They were observed in a problem solving mode more often with technology than without (20% vs. 2%). All six classes fit these general patterns.

Other differences were observed in students’ behavior when technology was in

use. When technology was not in use, students were observed writing (taking notes, recording, doing exercises, using symbols) only 44% of the time. With calculators or computers, students were observed writing (or entering information into the computer or calculator) 93% of the time. The percentage of segments in which students talked (asked questions, answered, discussed, ex- plained, asserted) remained high regardless of whether or not technology was in use (96%). All six classes followed these patterns of more “symbolization” when technology was in use than when it was not and high “verbalization” with or without technology.

DISCUSSION

Each teacher’s behavior with technology differed from his behavior without it. This may be stating the obvious, because we would expect new behaviors with new tools. Yet each teacher did not do the same thing with the new tool.
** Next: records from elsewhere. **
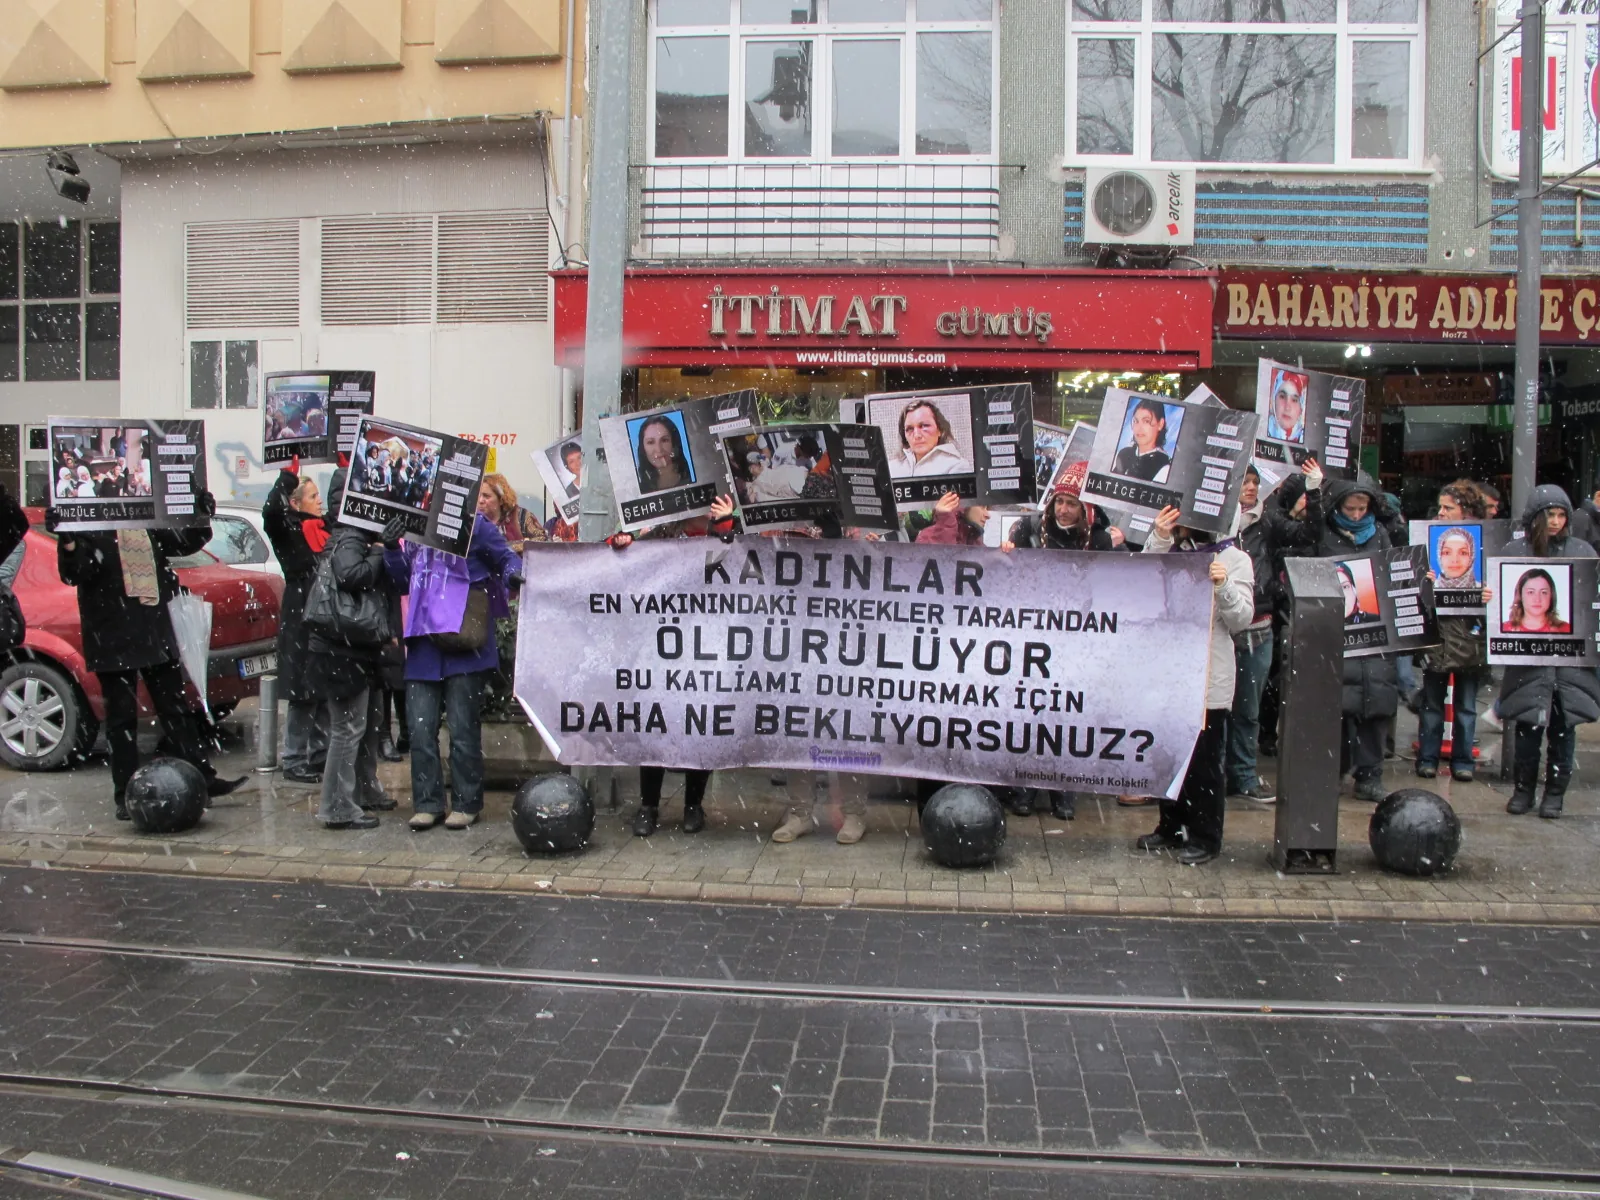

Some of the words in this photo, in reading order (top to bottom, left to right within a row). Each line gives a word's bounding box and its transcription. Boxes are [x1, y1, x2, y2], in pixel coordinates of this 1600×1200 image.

[1167, 171, 1184, 221] arçelik
[708, 284, 907, 335] İTİMAT
[936, 306, 1051, 342] GÜMÜŞ
[1227, 277, 1418, 329] BAHARİYE
[1429, 279, 1563, 332] ADLİE
[1442, 331, 1468, 339] No:72
[458, 433, 518, 447] TR-5707
[895, 487, 913, 502] ŞE
[1087, 478, 1136, 499] HATİCE
[345, 500, 386, 521] KATİL
[623, 498, 665, 521] ŞEHRİ
[745, 508, 797, 522] HATİCE
[704, 550, 984, 597] KADINLAR
[590, 593, 621, 613] EN
[630, 589, 797, 616] YAKININDAKİ
[807, 597, 945, 624] ERKEKLER
[953, 604, 1118, 633] TARAFINDAN
[656, 616, 1053, 679] ÖLDÜRÜLÜYOR
[1491, 640, 1525, 652] SERPİL
[616, 668, 652, 690] BU
[666, 664, 801, 694] KATLİAMI
[816, 673, 1000, 707] DURDURMAK
[1013, 680, 1084, 715] İÇİN
[560, 701, 667, 734] DAHA
[685, 704, 736, 736] NE
[754, 701, 1155, 763] BEKLİYORSUNUZ?
[1014, 767, 1057, 781] İstanbul
[1060, 772, 1105, 787] Feminist
[1107, 776, 1149, 789] Kolektif
Each teacher maintained an individual style, although the technology did provide a vehicle for incorporating some new behaviors and roles.

Teaching Activities Burkhardt (1985) predicted that calculators and microcomputers would help teachers and students achieve the classroom learning activities of discussion, nonroutine problem solving, and open investigation. The National Council of Teachers of Mathematics (NCTM) sees “the emergence of a new classroom dynamic in which teachers and students become natural partners in developing mathematical ideas and solving mathematical problems” as the most fundamental consequence of changes in response to technology-rich classroom environments (NCTM, 1989, p. 128). Were these behaviors characteristic of the classrooms under observation in this study?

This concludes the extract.